Ordering a big jug of water with ice and lemon for the table might be a thing of the past for Cape Town’s restaurant-goers with level 5 water restrictions having forced owners to make some changes.
Tony Marchbank‚ owner of Ristorante Club Italiana in Rugby‚ Cape Town‚ has told his guests that they are welcome to ask for a glass of tap water but finds that guests seldom drink all the water in a jug for the table.
“We do functions for 500 people and more sometimes – that’s a lot of water going to waste!” he said.
Along with other commercial property owners‚ he has had to reduce his consumption by 20% since last year as the latest round of restrictions came into effect and Marchbank has felt the effects of the drought first-hand.

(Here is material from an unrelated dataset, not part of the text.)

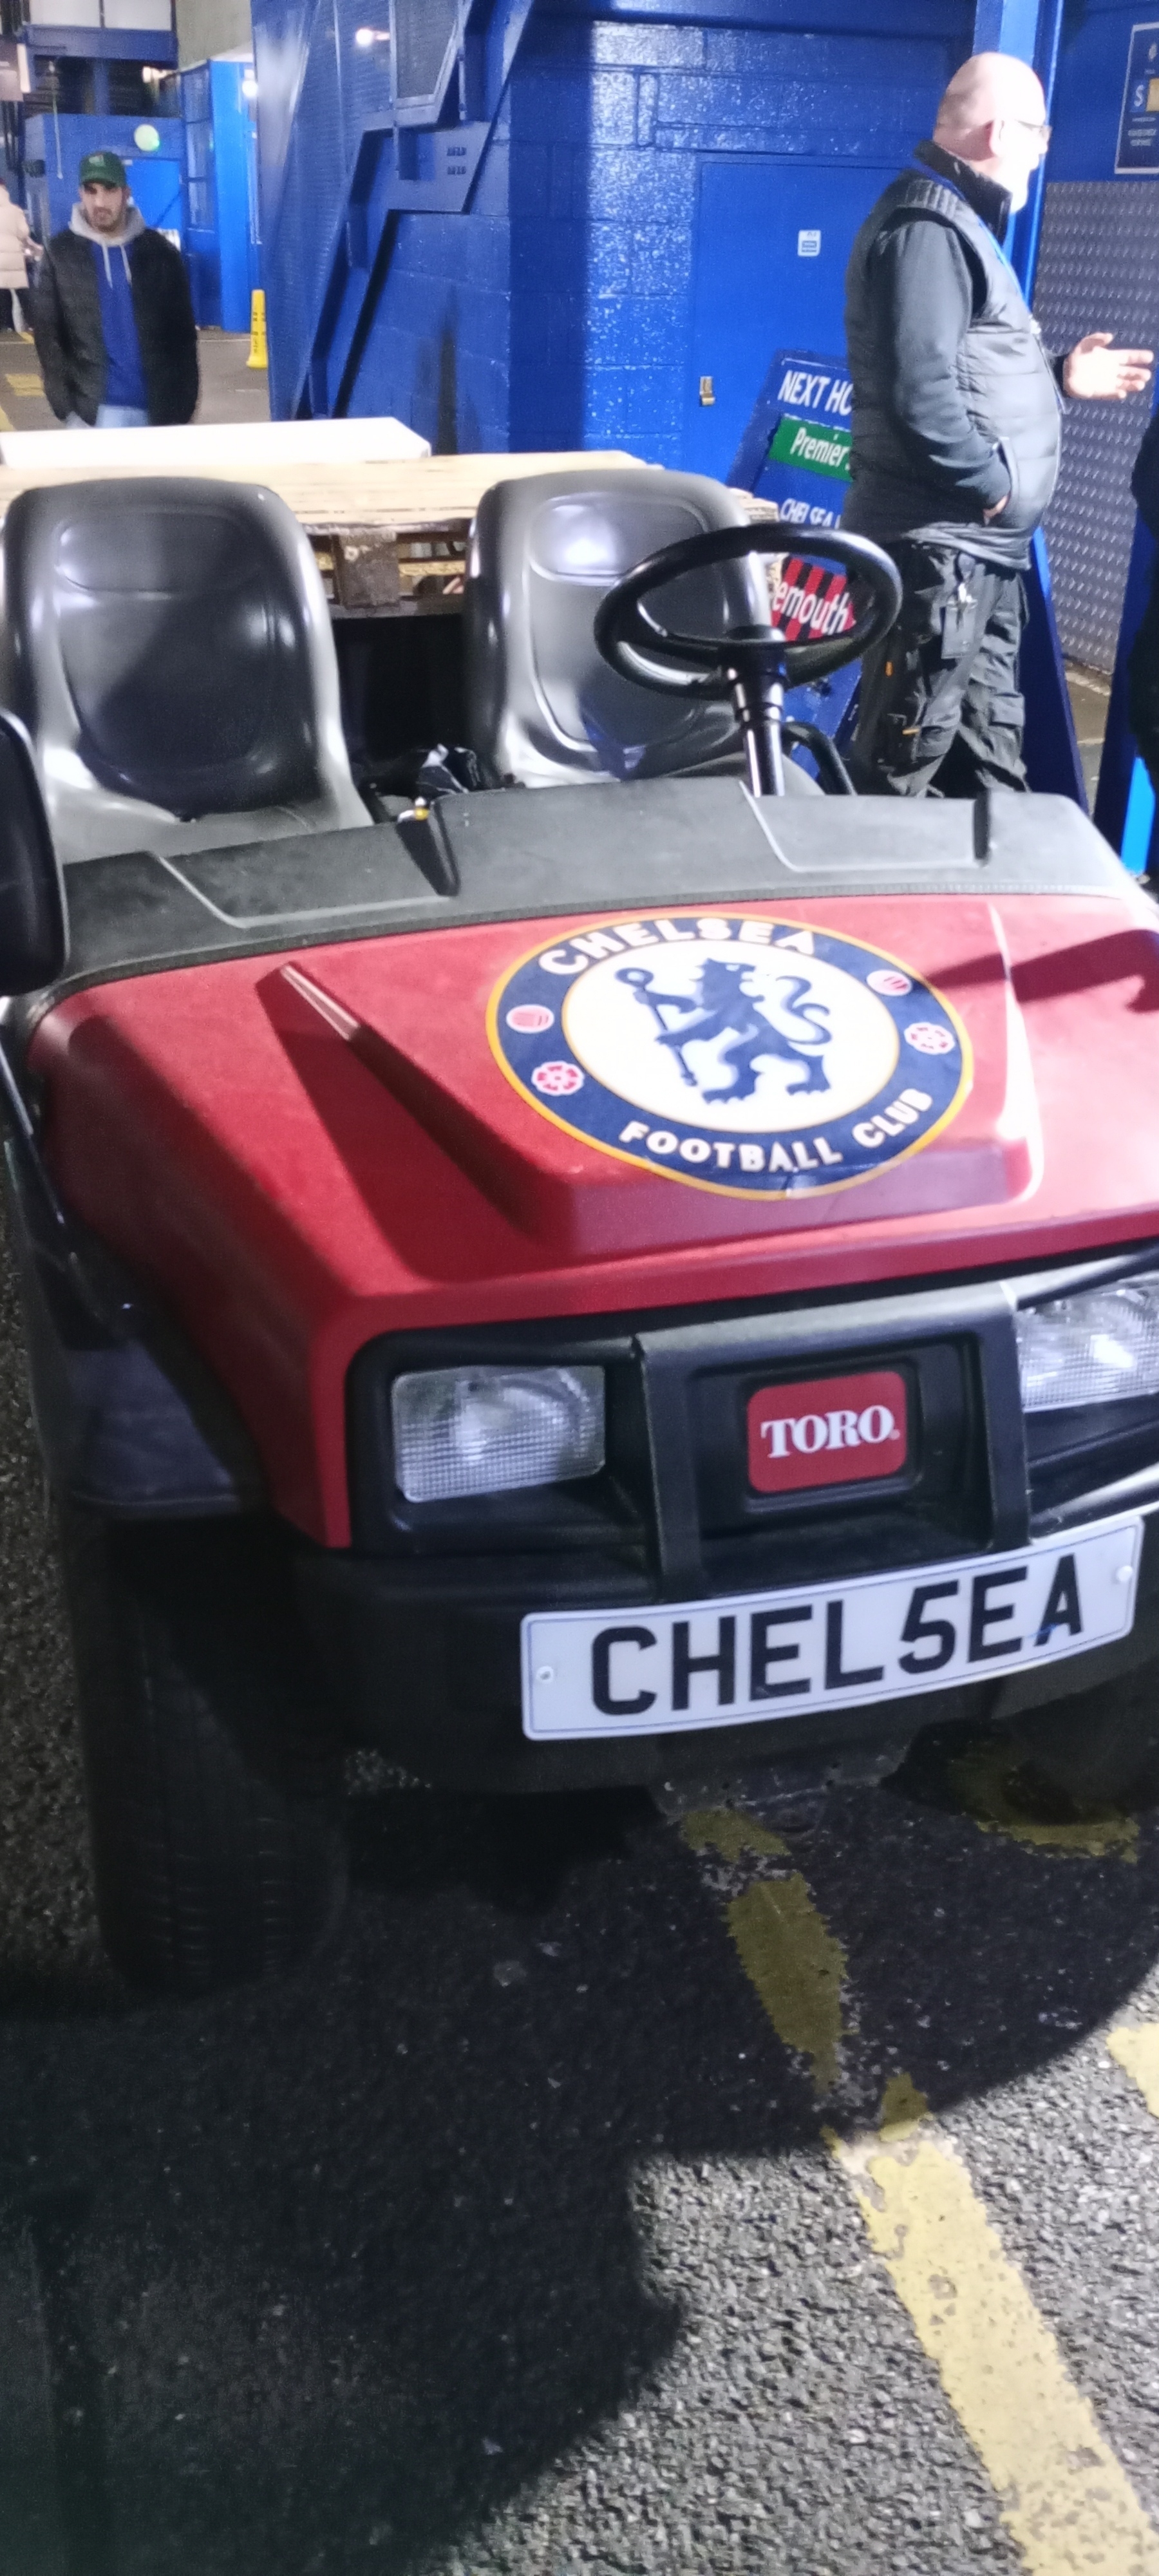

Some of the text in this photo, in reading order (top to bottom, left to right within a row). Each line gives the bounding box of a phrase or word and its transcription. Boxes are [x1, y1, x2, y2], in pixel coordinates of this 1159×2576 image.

“After shifts we used to hose the kitchen and floors down‚ now we’ve had to resort to using dry cloths a lot of the time‚” he said.
He has also reconnected toilets to rainwater sources and says these collective measures have successfully reduced their consumption by more than the stipulated 20%.
Raimondo Napoli‚ owner of Bacini’s restaurant on Kloofneck‚ is also considering scrapping jugs of water.
“Everybody gets them‚ but nobody drinks the damn things!” said Napoli.
National trade association for the hospitality industry FEDHASA says that while the situation is very serious for the hospitality industry‚ they are committed to ensuring that targets are met.
“We need to tighten our belts and we have done this already. We have had to ask ourselves how we can contribute to the saving of water and keep service numbers at the highest level‚” said chief executive Tshifhiwa Tshivhengwa.
He added that the service industry should assume the responsibility of informing visitors to the Western Cape of the severity of the drought.
“If you enjoy the Cape and its splendour‚ you need to be informed of the issues it’s currently facing‚” he said.